Surprising toxicity and assembly behaviour of amyloid β-protein oxidized to sulfone

A beta (amyloid beta-peptide) is believed to cause AD (Alzheimer's disease). A beta 42 (A beta comprising 42 amino acids) is substantially more neurotoxic than A beta 40 (A beta comprising 40 amino acids), and this increased toxicity correlates with the existence of unique A beta 42 oligomers. Met(35) oxidation to sulfoxide or sulfone eliminates the differences in early oligomerization between A beta 40 and A beta 42. Met(35) oxidation to sulfoxide has been reported to decrease A beta assembly kinetics and neurotoxicity, whereas oxidation to sulfone has rarely been studied. Based on these data, we expected that oxidation of A beta to sulfone would also decrease its toxicity and assembly kinetics.

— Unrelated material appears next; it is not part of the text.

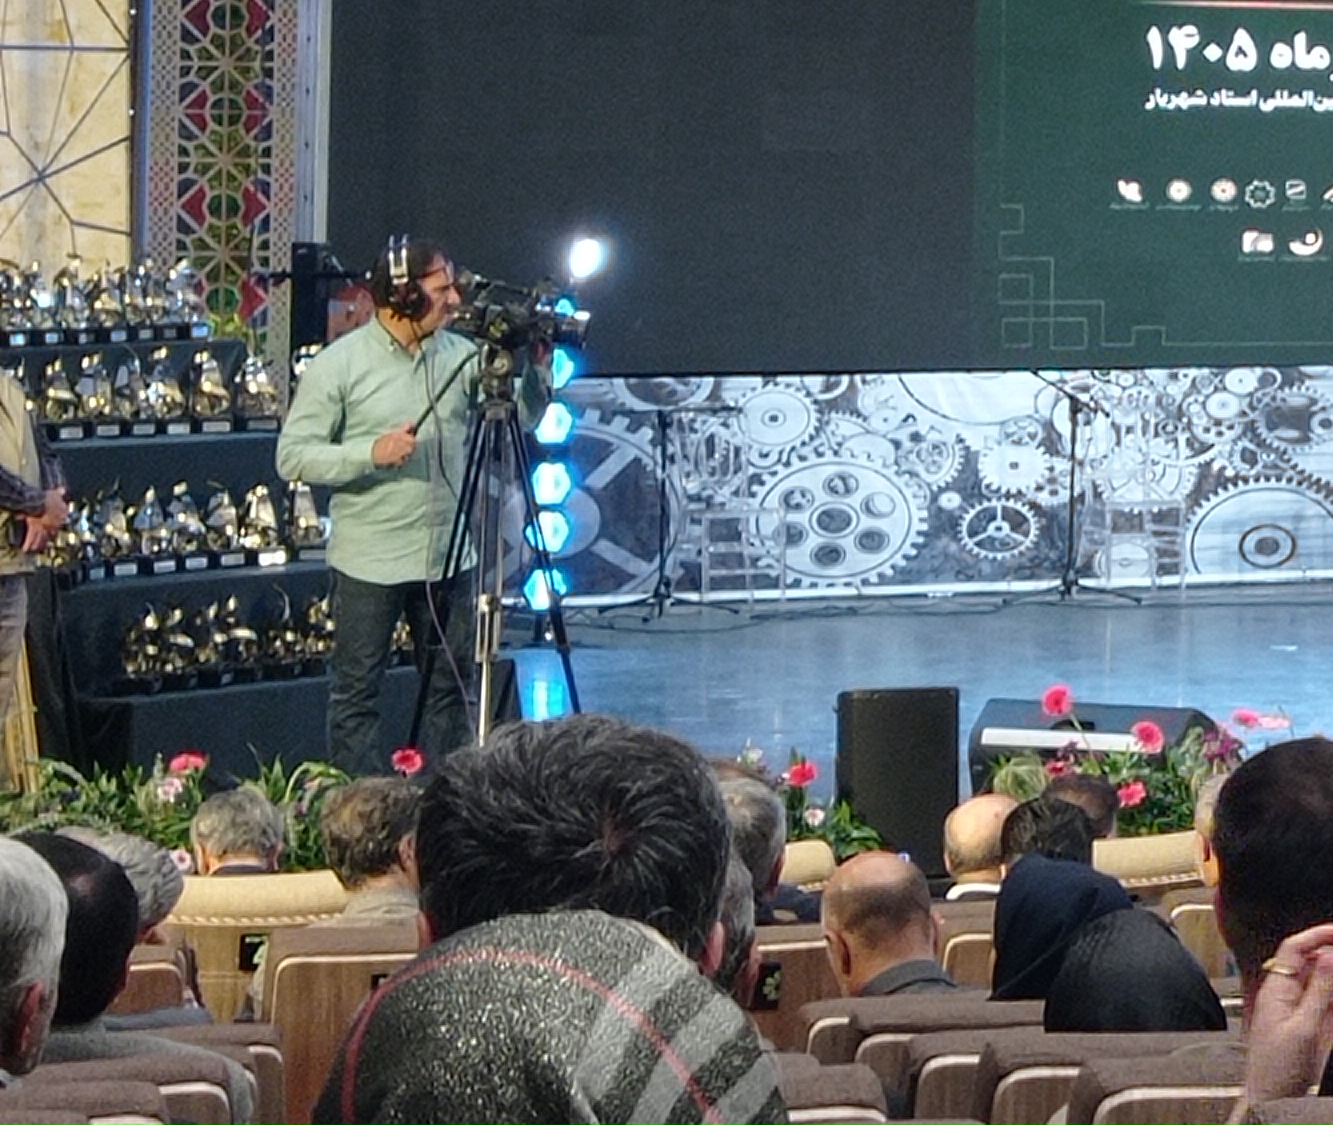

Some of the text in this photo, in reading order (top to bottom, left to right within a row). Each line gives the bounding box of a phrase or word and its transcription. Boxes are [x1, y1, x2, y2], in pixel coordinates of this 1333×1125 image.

[1146, 24, 1258, 72] ۱۴۰۵
[1144, 87, 1208, 111] شهریار
[1209, 87, 1259, 108] استاد

To test this hypothesis, we compared systematically the effect of the wild-type, sulfoxide and sulfone forms of A beta 40 and A beta 42 on neuronal viability, dendritic spine morphology and macroscopic Ca2+ currents in primary neurons, and correlated the data with assembly kinetics. Surprisingly, we found that, in contrast with A beta-sulfoxide, A beta-sulfone was as toxic and aggregated as fast, as wild-type A beta. Thus, although A beta-sulfone is similar to A beta-sulfoxide in its dipole moment and oligomer size distribution, it behaves similarly to wild-type A beta in its aggregation kinetics and neurotoxicity. These surprising data decouple the toxicity of oxidized A beta from its initial oligomerization, and suggest that our current understanding of the effect of methionine oxidation in A beta is limited.